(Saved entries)
◆ ◆ ◆ ◆ ◆
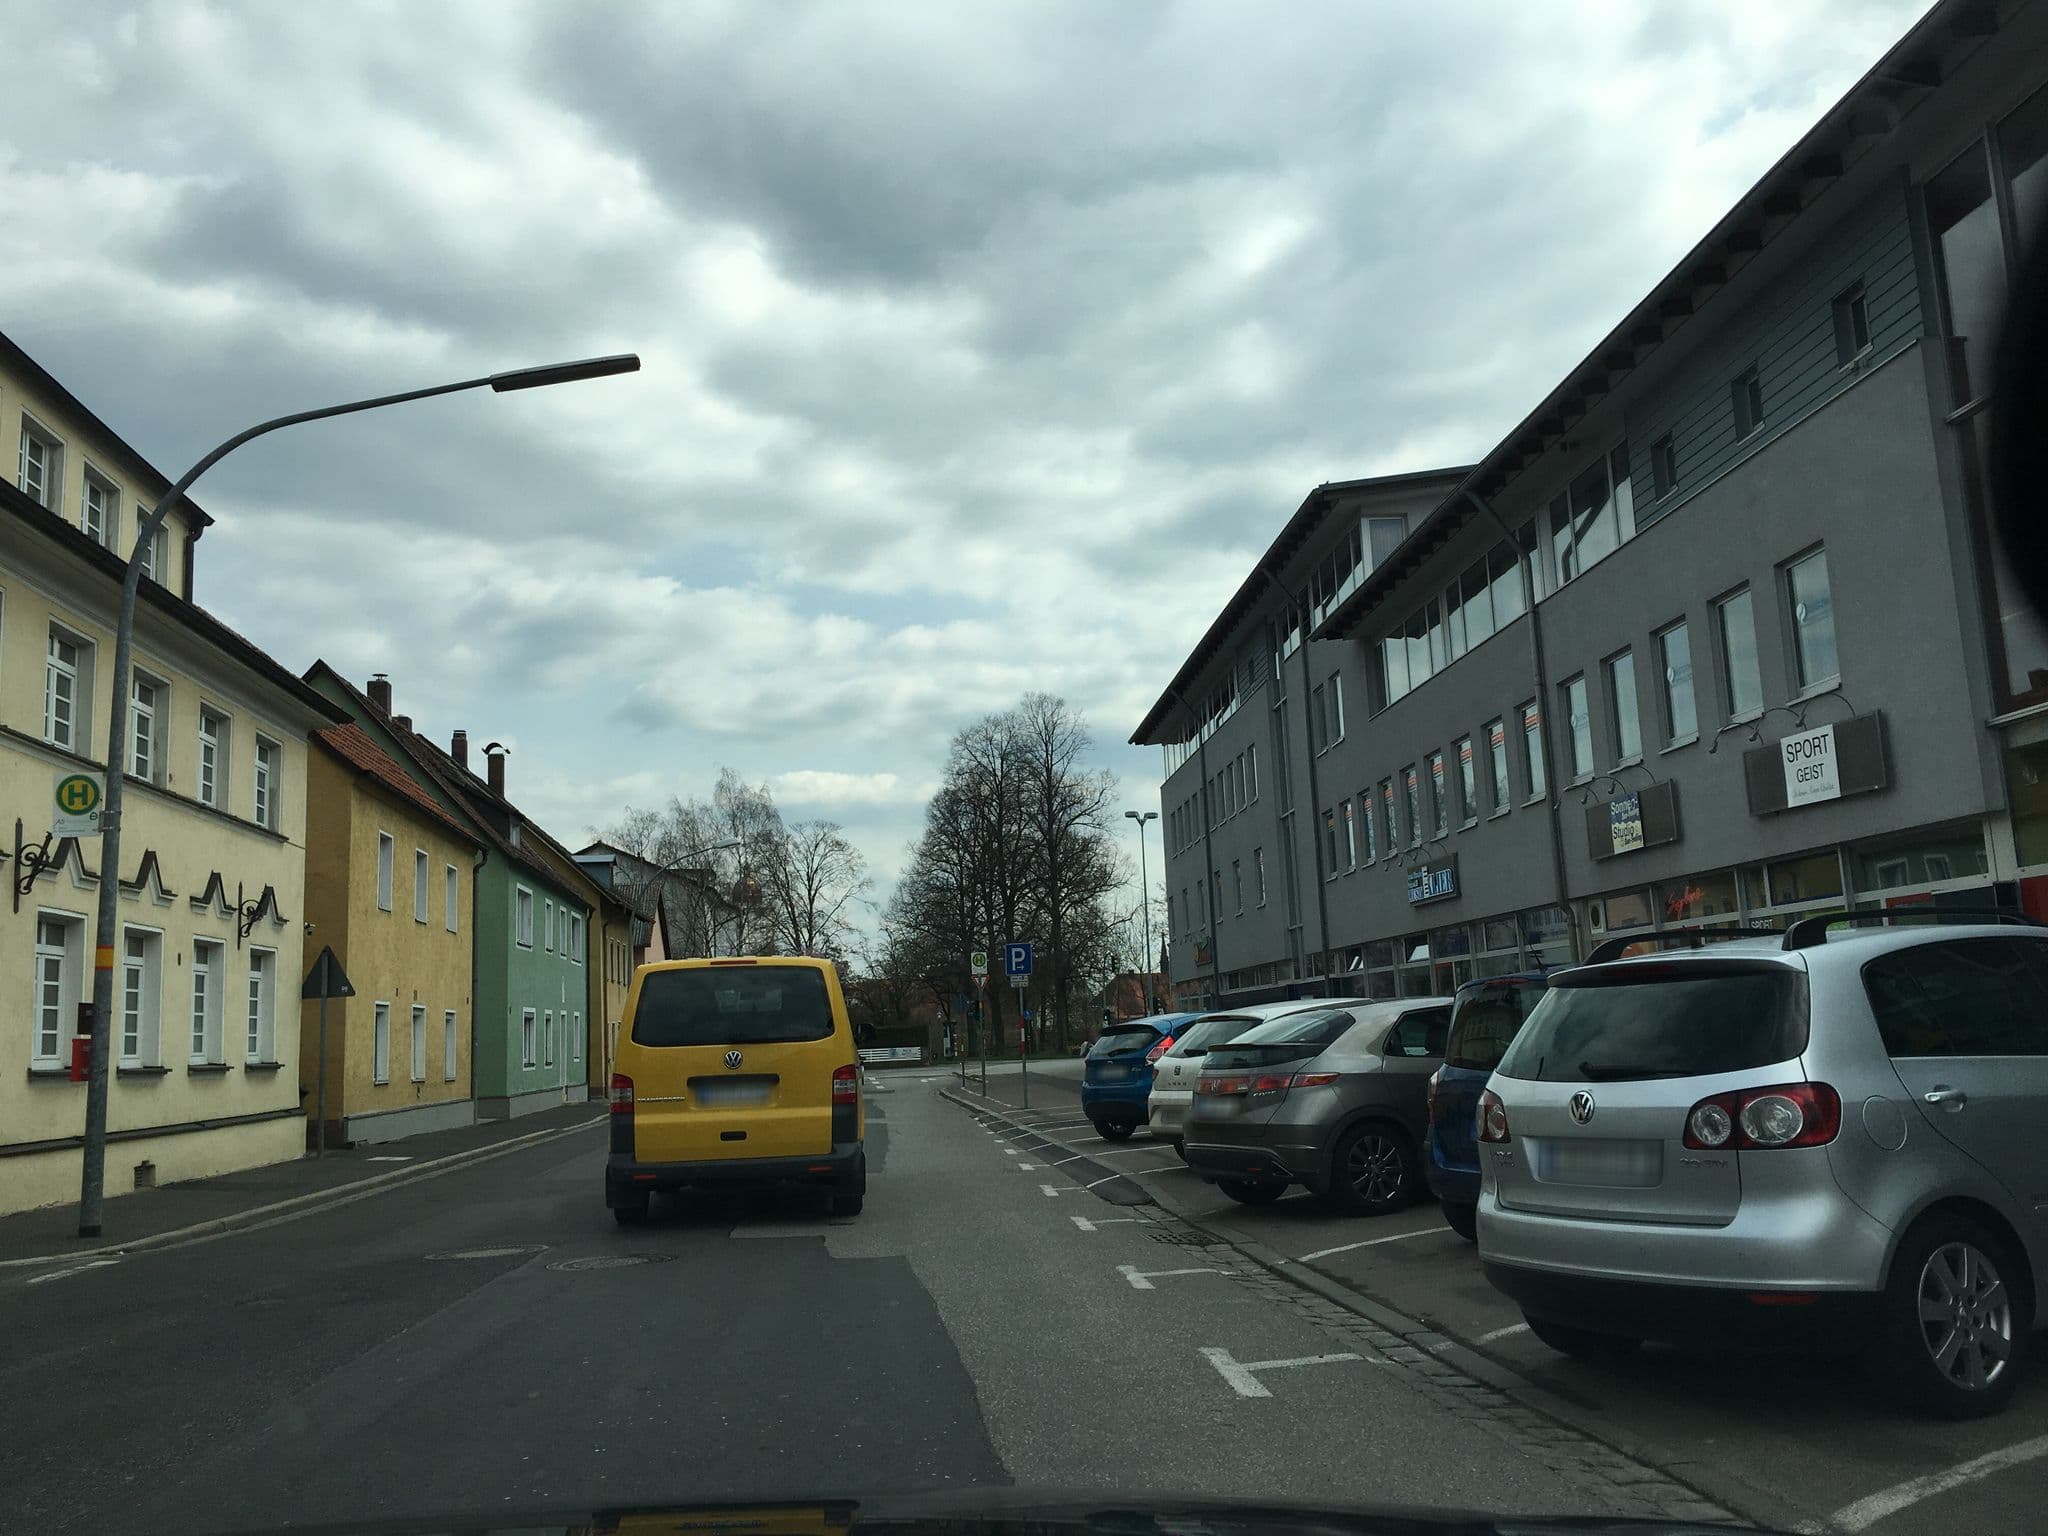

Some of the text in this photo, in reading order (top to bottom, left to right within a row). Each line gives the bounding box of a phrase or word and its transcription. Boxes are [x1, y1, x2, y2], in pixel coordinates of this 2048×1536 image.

[1786, 734, 1829, 763] SPORT
[1796, 763, 1824, 783] GEIST
[68, 784, 88, 806] H
[1011, 947, 1026, 971] P
◆ ◆ ◆ ◆ ◆
_WORK ORDER_. Without changing a word, transcribe all of the data and omit its images.

_ANSWER TO THIS PROBLEM_.
Some of the text in this photo, in reading order (top to bottom, left to right within a row). Each line gives the bounding box of a phrase or word and its transcription. Boxes are [x1, y1, x2, y2], in pixel coordinates of this 2048×1536 image.

[1786, 734, 1829, 763] SPORT
[1796, 763, 1824, 783] GEIST
[68, 784, 88, 806] H
[1011, 947, 1026, 971] P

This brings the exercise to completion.